Waldorf Chicken Salad Tea Sandwiches

Tested Till Perfect

The Calla Lily Victorian Tea Room sells these sandwiches for high tea as well as for special occasions such as bridal showers. The filling's appeal comes from its subtle sweetness and crunch.

Servings: 32

Ingredients:

Nutritional Info
Per sandwich: about -
cal 98
pro 4 g
total fat 6 g
sat. fat 2 g
carb 7 g
fibre 1 g
chol 14 mg
sodium 104 mg
% RDI: -
calcium 1%
iron 4%
vit A 2%
folate 5%
    1-1/2 cups (375 mL) finely diced cooked chicken
    1/2 cup (125 mL) finely diced Granny Smith apple
    1/3 cup (75 mL) chopped walnuts
    1/4 cup (50 mL) finely diced celery
    1/4 cup (50 mL) golden raisins
    1 green onion, minced
    8 thin slices each white and whole wheat sandwich bread
    1/3 cup (75 mL) butter, softened
    Dressing:
    1/4 cup (125 mL) mayonnaise
    1/4 cup (50 mL) sour cream
    2 tbsp (25 mL) cider vinegar
    1-1/2 tsp (7 mL) liquid honey
    1/4 tsp (1 mL) pepper

Preparation:

Dressing: In large bowl, whisk together mayonnaise, sour cream, vinegar, honey and pepper.

Add chicken, apple, walnuts, celery, raisins and green onion; stir to combine. (Make-ahead: Cover with plastic wrap and refrigerate for up to 2 hours.)

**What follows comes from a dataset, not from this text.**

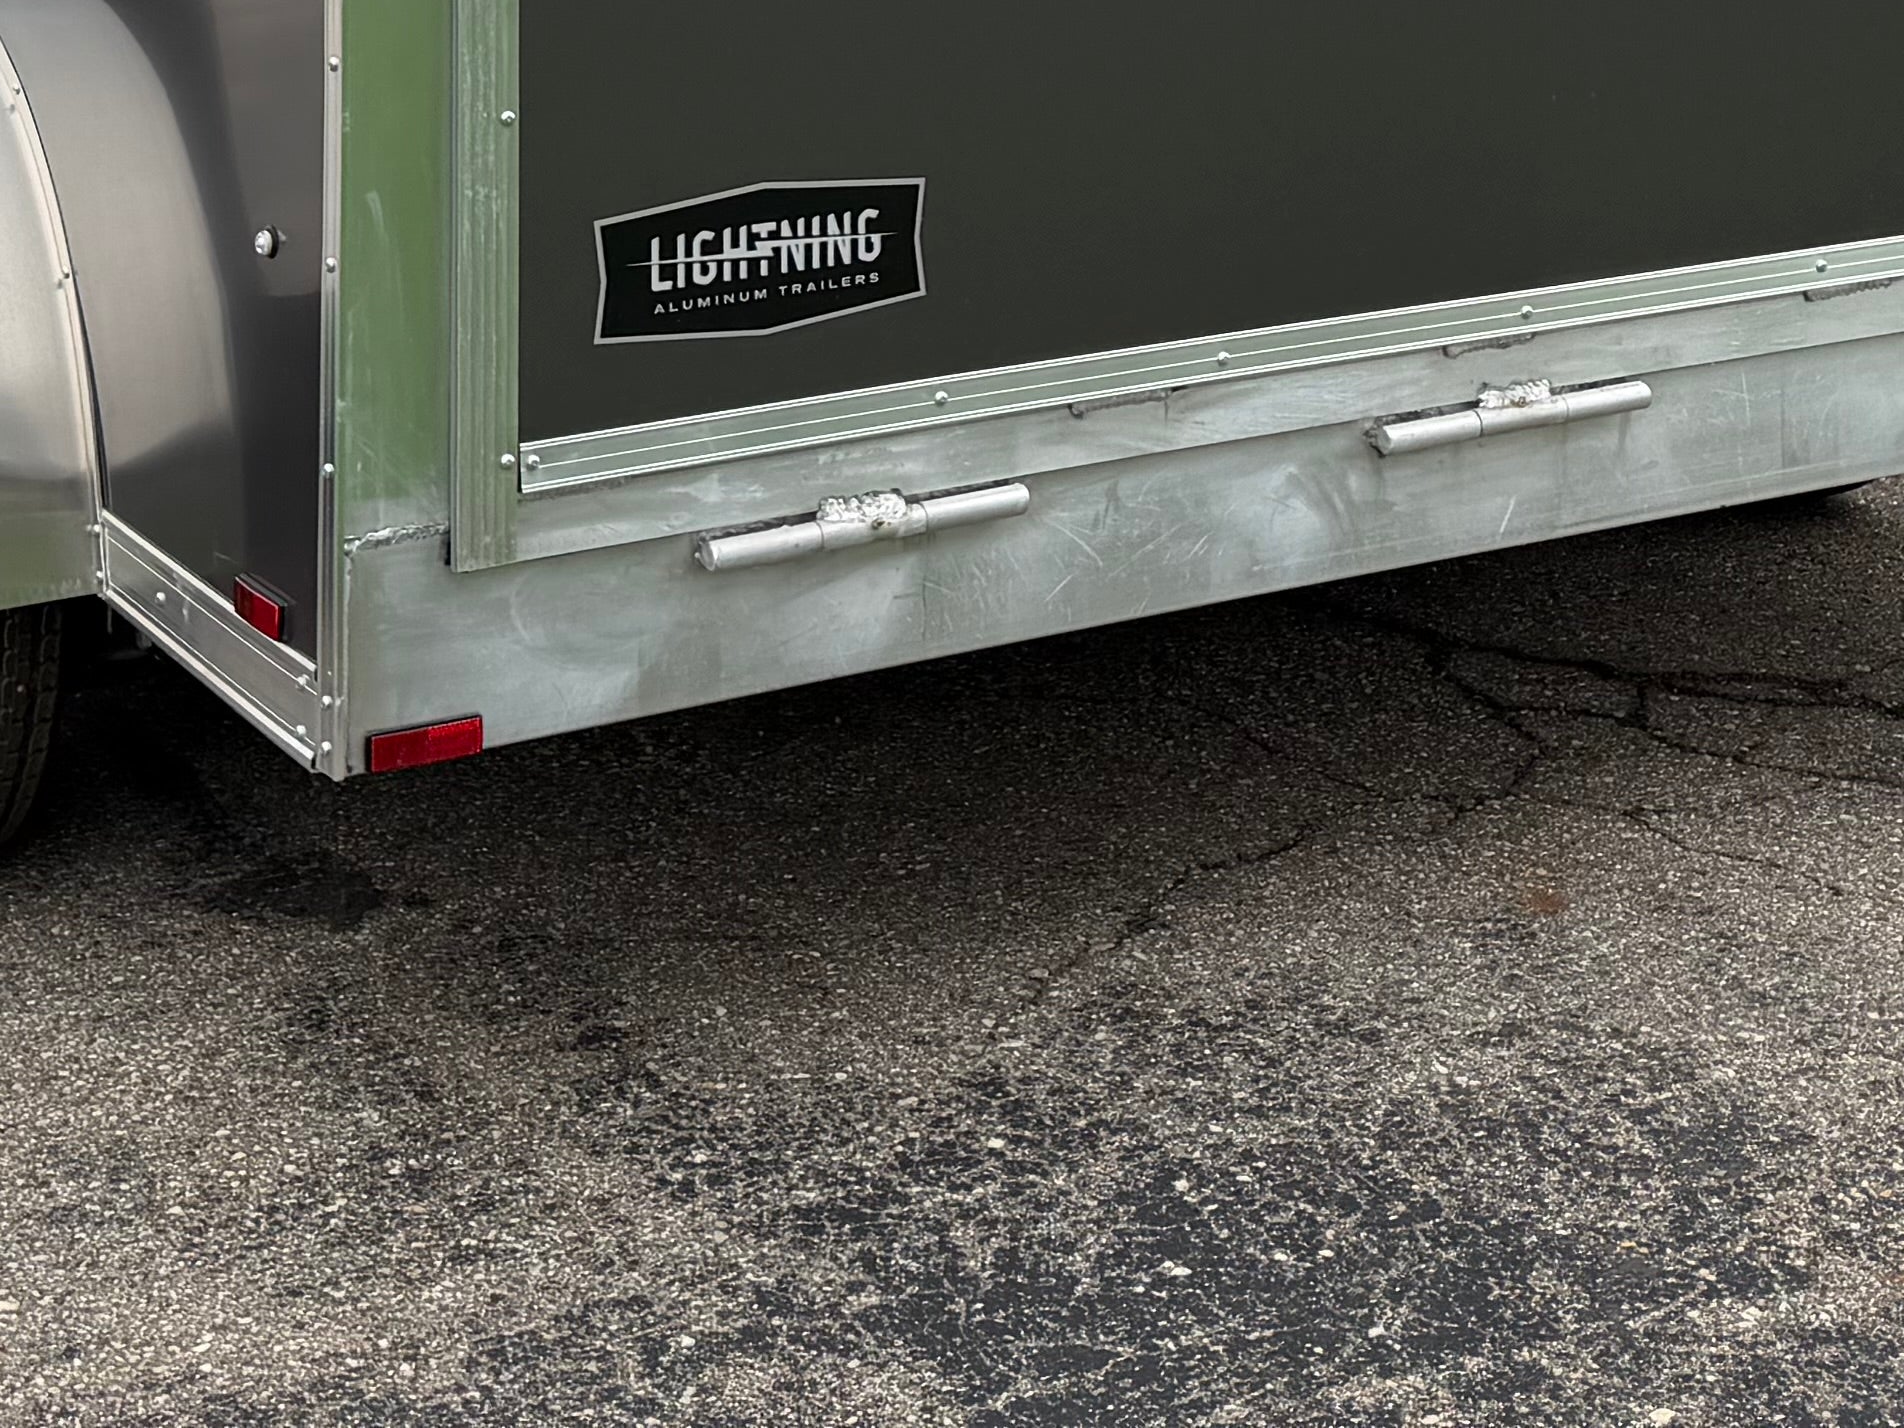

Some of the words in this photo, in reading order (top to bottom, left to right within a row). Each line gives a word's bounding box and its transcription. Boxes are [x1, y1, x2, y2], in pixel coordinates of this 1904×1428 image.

Spread each bread slice with butter. Spread chicken filling evenly over whole wheat bread slices. Top with white bread slices; press lightly. (Make-ahead: Place on rimmed baking sheet and cover with damp tea towel; cover tightly with plastic wrap and refrigerate for up to 24 hours.) Trim crusts from bread. Cut each sandwich into four 3/4- x 3-inch (2 x 8 cm) fingers.

Additional Information

  • Tip To cook chicken: In shallow saucepan, bring 3 inches (8 cm) water, bay leaf, strip lemon rind and pinch each salt and pepper to simmer over medium heat. Add 2 boneless skinless chicken breasts; cover and reduce heat to medium-low; poach until no longer pink inside, about 10 minutes. Remove and refrigerate until cool.